Nel giorno dell’inizio della sua costruzione, quel 13 agosto del 1961, il mondo era già diviso in blocchi: la famosa Cortina di Ferro che da Stettino, sul Baltico, scendeva verso Trieste – come ebbe a definirla Winston Churchill – era una realtà da più di un decennio.

Il muro però, è il simbolo reale, tangibile, di questa divisione. Di più. Il muro rappresenta perfettamente la distanza ideologica tra due mondi apparentemente incompatibili ma che, nella realtà dei fatti, hanno utilizzato gli stessi sistemi per imporsi nel resto del globo e hanno cercato, per quanto possibile, di combattersi senza intralciarsi troppo in modo diretto, come era nei principi della Conferenza di Yalta.

Quel muro, retoricamente e falsamente definito dall’apparato politico comunista come “muro di protezione antifascista”, in realtà è servito per chiudere, per blindare un confine, non per proteggere chi vi si trovava rinchiuso da un pericolo esterno, ma per intrappolare all’interno un intero popolo: un’enorme recinzione di un campo di concentramento ideologico, culturale, economico, perfino umano. Il muro, infatti, correva non solo a circondare Berlino Ovest, ma recinzioni, fossati, campi minati, torrette di guardia e bunker erano distribuiti lungo tutto il confine tra la Germania occidentale e quella orientale.

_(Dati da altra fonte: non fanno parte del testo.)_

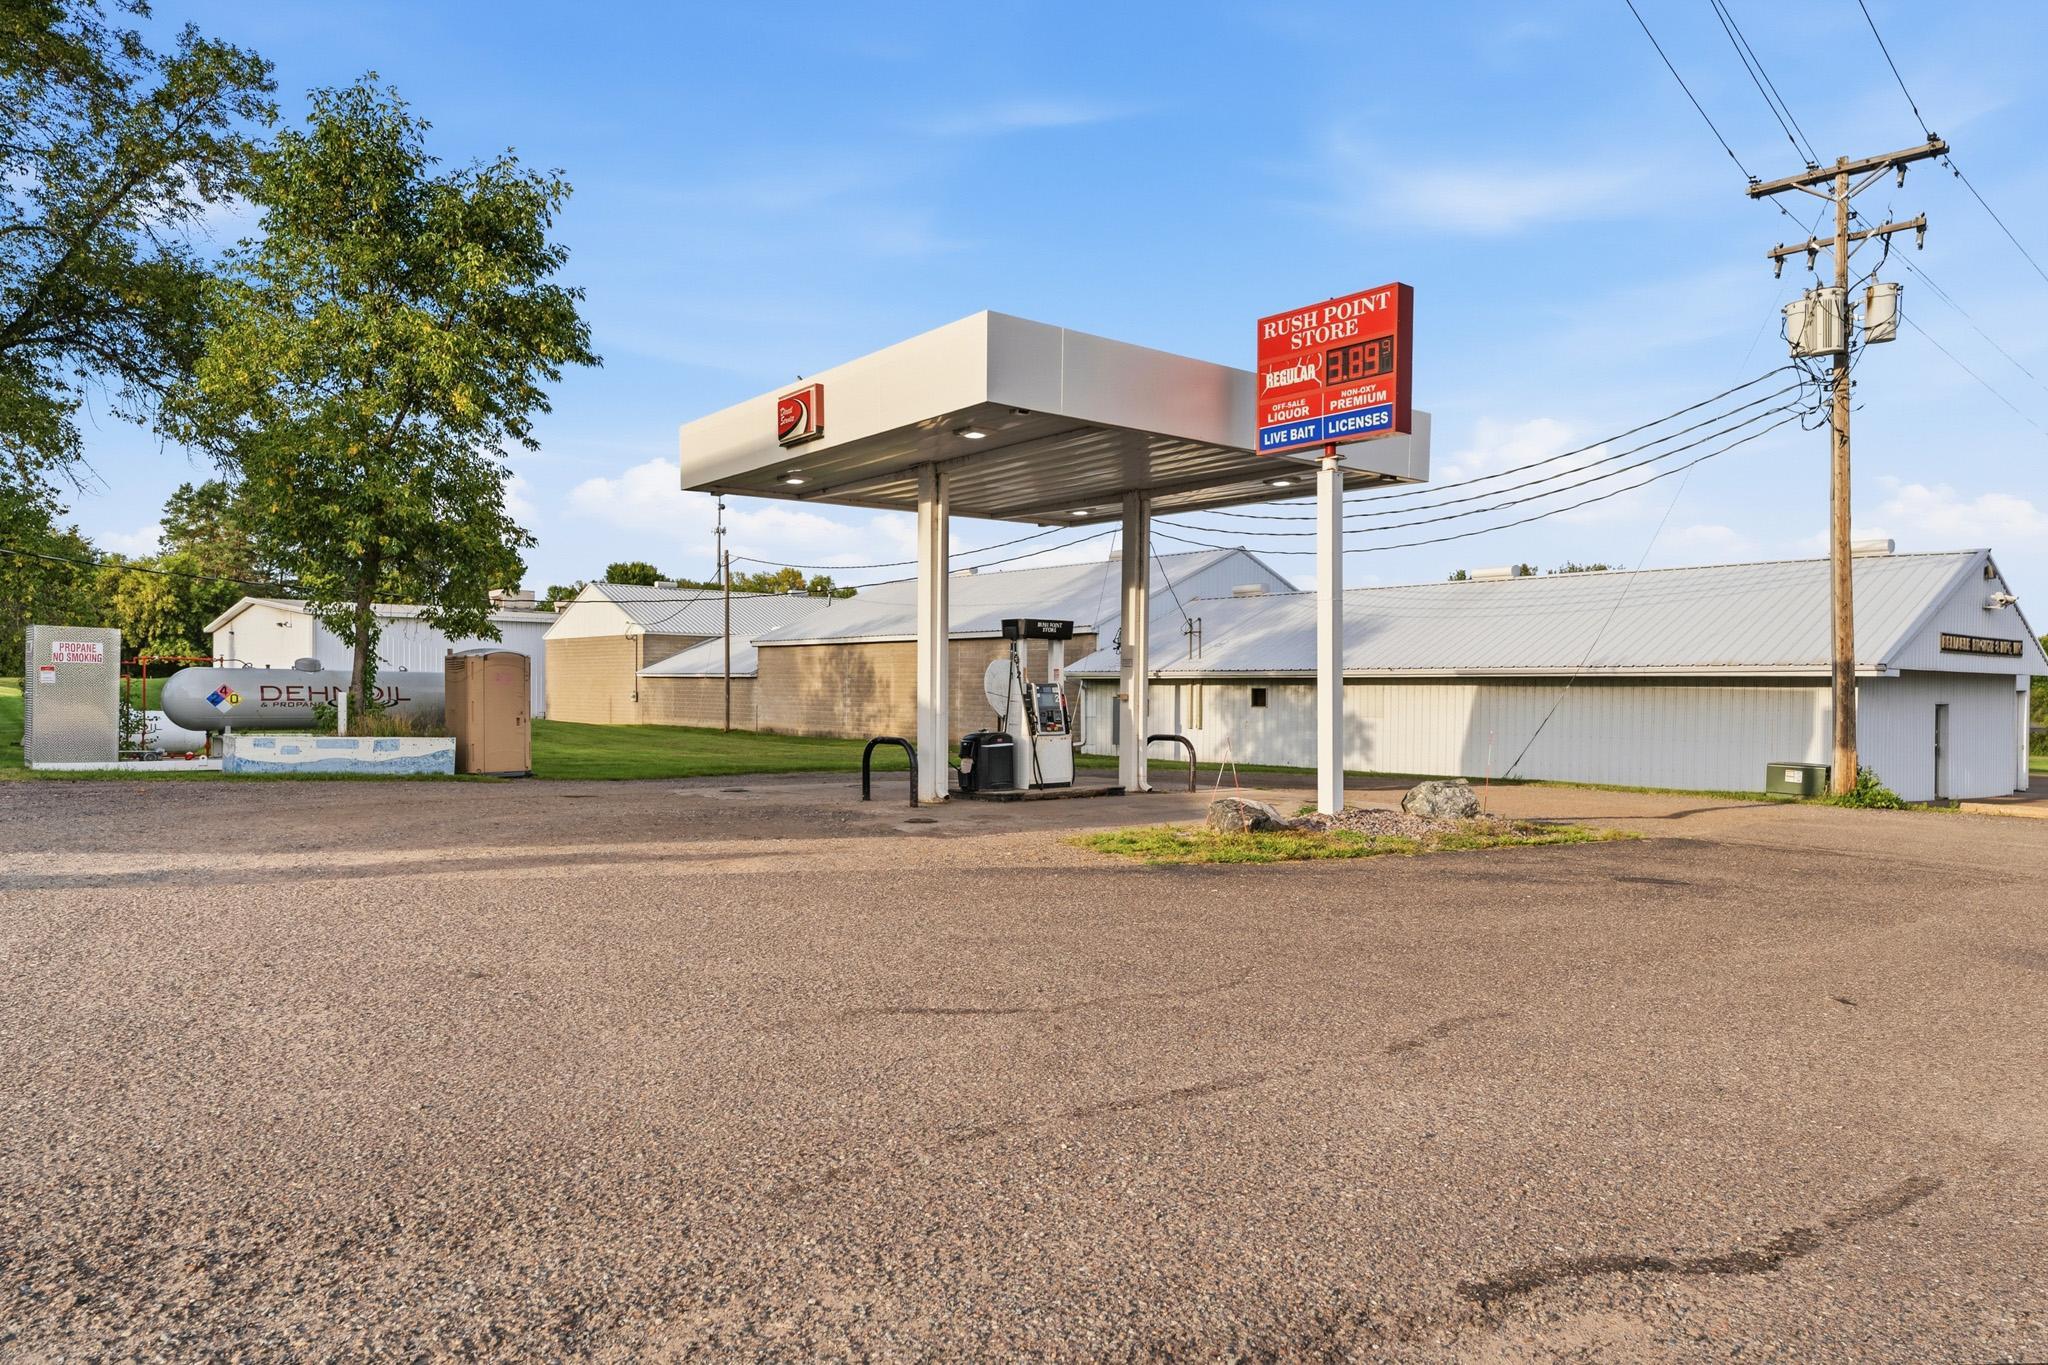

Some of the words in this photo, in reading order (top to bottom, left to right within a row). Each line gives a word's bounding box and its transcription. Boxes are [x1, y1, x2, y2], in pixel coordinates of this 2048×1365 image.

[1263, 310, 1318, 340] RUSH
[1323, 291, 1391, 324] POINT
[1290, 318, 1359, 350] STORE
[1266, 363, 1316, 389] REGULAR
[1341, 384, 1377, 397] NON-OXY
[1272, 398, 1306, 412] OFF-SALE
[1329, 390, 1387, 411] PREMIUM
[1267, 406, 1310, 423] LIQUOR
[1328, 411, 1389, 434] LICENSES
[1264, 431, 1288, 446] LIVE
[1290, 425, 1316, 441] BAIT
[59, 642, 97, 653] PROPANE
[53, 652, 64, 662] NO
[66, 652, 102, 663] SMOKING
[219, 685, 228, 696] 4

Oggi si ricorda quell’evento epocale che è stato la conseguenza di un processo che era già in atto e che ha portato successivamente alla dissoluzione dell’Unione Sovietica, ed in questo viene ricordato l’allora premier e segretario del Pcus, Mikhail Gorbachev, come artefice di questo cambiamento.

Gorbachev vittima del suo tempo

Chi scrive ha vissuto questo passaggio, sebbene in giovane età, e ricorda quando, proprio nel 1989 (il 7 ottobre), durante la visita ufficiale di Gorbachev a Berlino Est in occasione dell’anniversario della fondazione della Ddr, il premier sovietico ebbe a dire che “il pericolo grava su chi non reagisce al mondo reale” aggiungendo che “se ci si muove nella corrente del mondo reale, della società che si sta muovendo, se si usano questi principi per plasmare la propria politica, allora non ci sono motivi di temere difficoltà. Non c’è niente di strano in questo”.

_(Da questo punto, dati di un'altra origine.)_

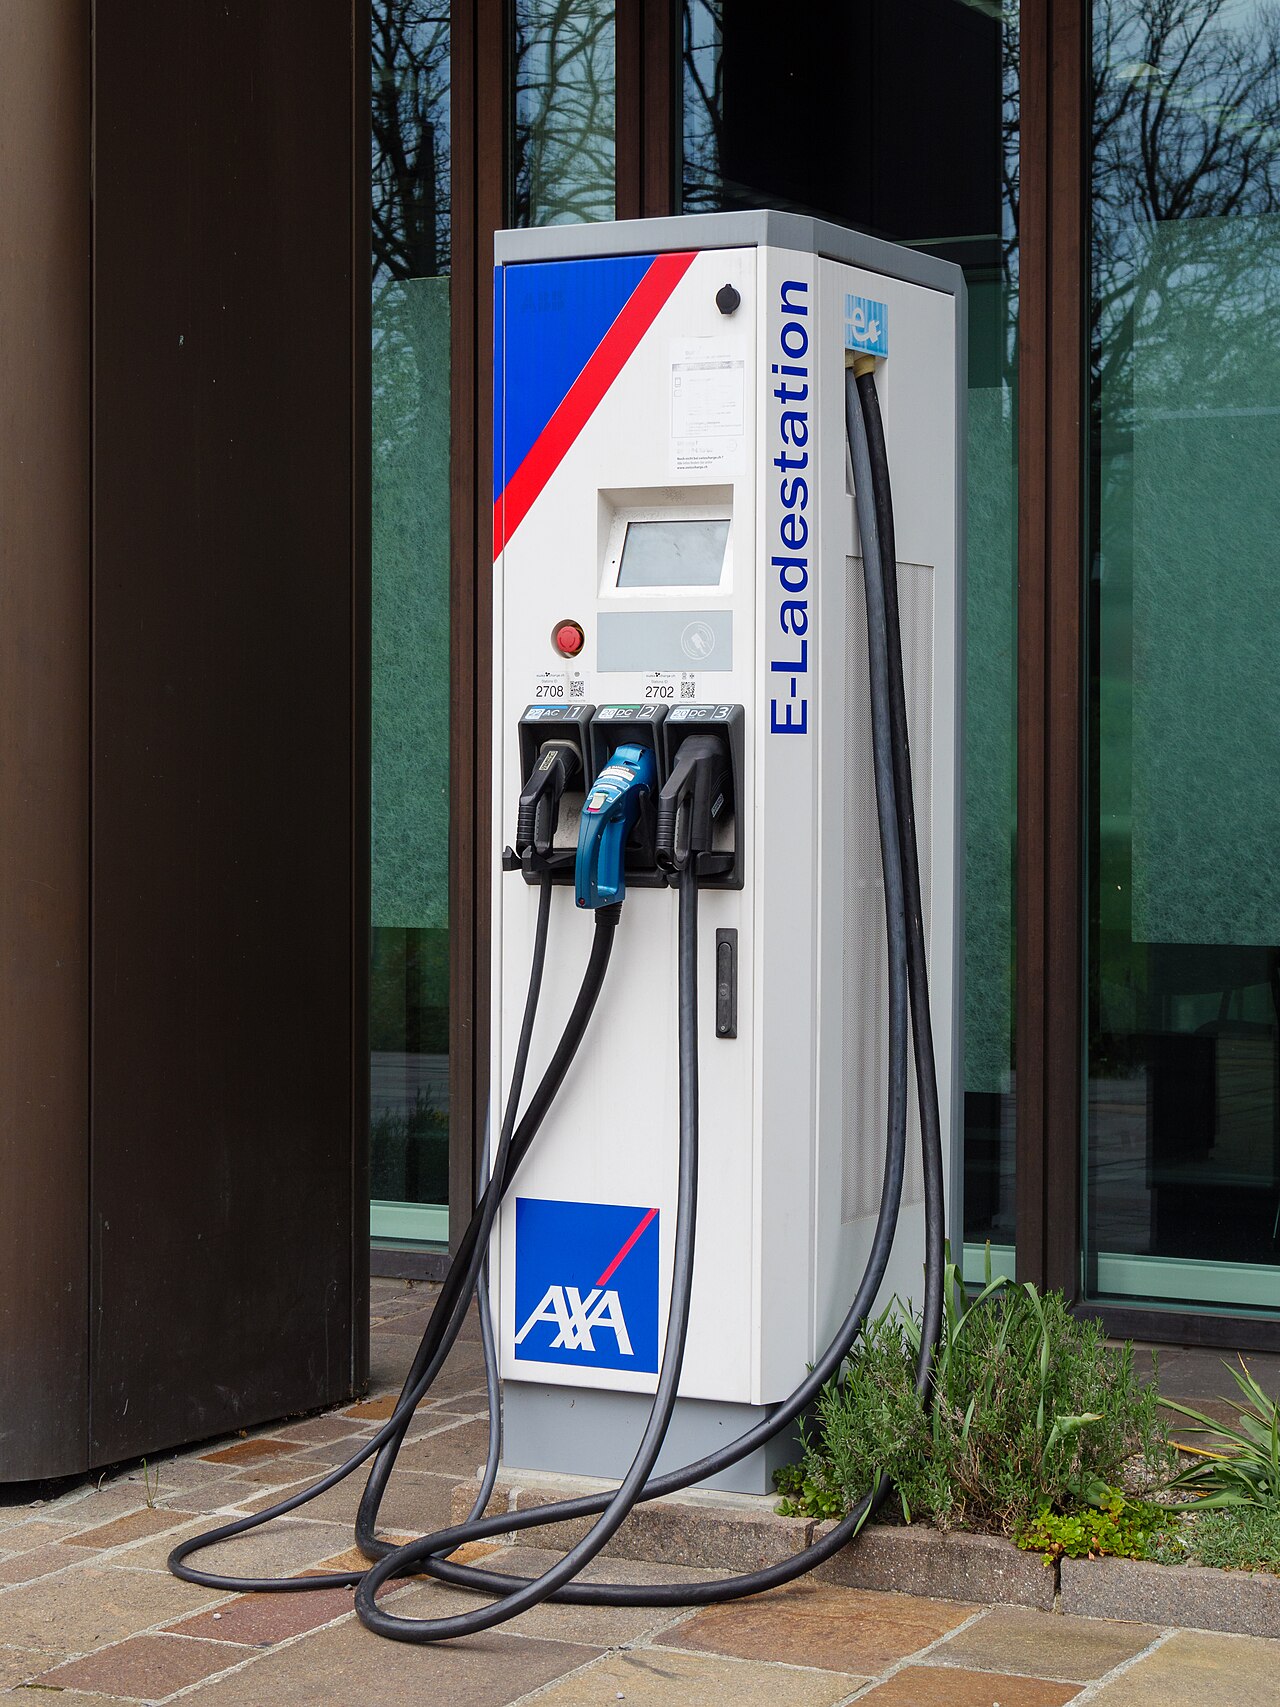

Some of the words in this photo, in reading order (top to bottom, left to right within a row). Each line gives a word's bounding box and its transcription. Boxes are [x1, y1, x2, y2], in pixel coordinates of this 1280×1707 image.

[771, 280, 809, 734] E-Ladestation
[536, 685, 564, 698] 2708
[645, 685, 675, 698] 2702
[542, 709, 560, 717] AC
[571, 706, 581, 718] 1
[640, 706, 655, 717] 2
[689, 709, 707, 717] DC
[714, 706, 730, 718] 3
[515, 1285, 635, 1356] AXA

Il riferimento è a due principi ben noti, uno più ideologico e l’altro più pragmatico, che Gorbachev stava attuando in Unione Sovietica: la glasnost (trasparenza) e la perestrojka (ristrutturazione). Il nuovo corso inaugurato dal premier sovietico era infatti volto a ristrutturare il monolite sovietico accelerando quelle riforme pensate già dai suoi predecessori in campo economico: uno dei cardini della perestrojka, ad esempio, era la decentralizzazione della gestione dell’economia e l’ampliamento dei diritti delle imprese. Una volontà riformista espressa già negli anni ’70 da alcuni elementi del Comitato Centrale.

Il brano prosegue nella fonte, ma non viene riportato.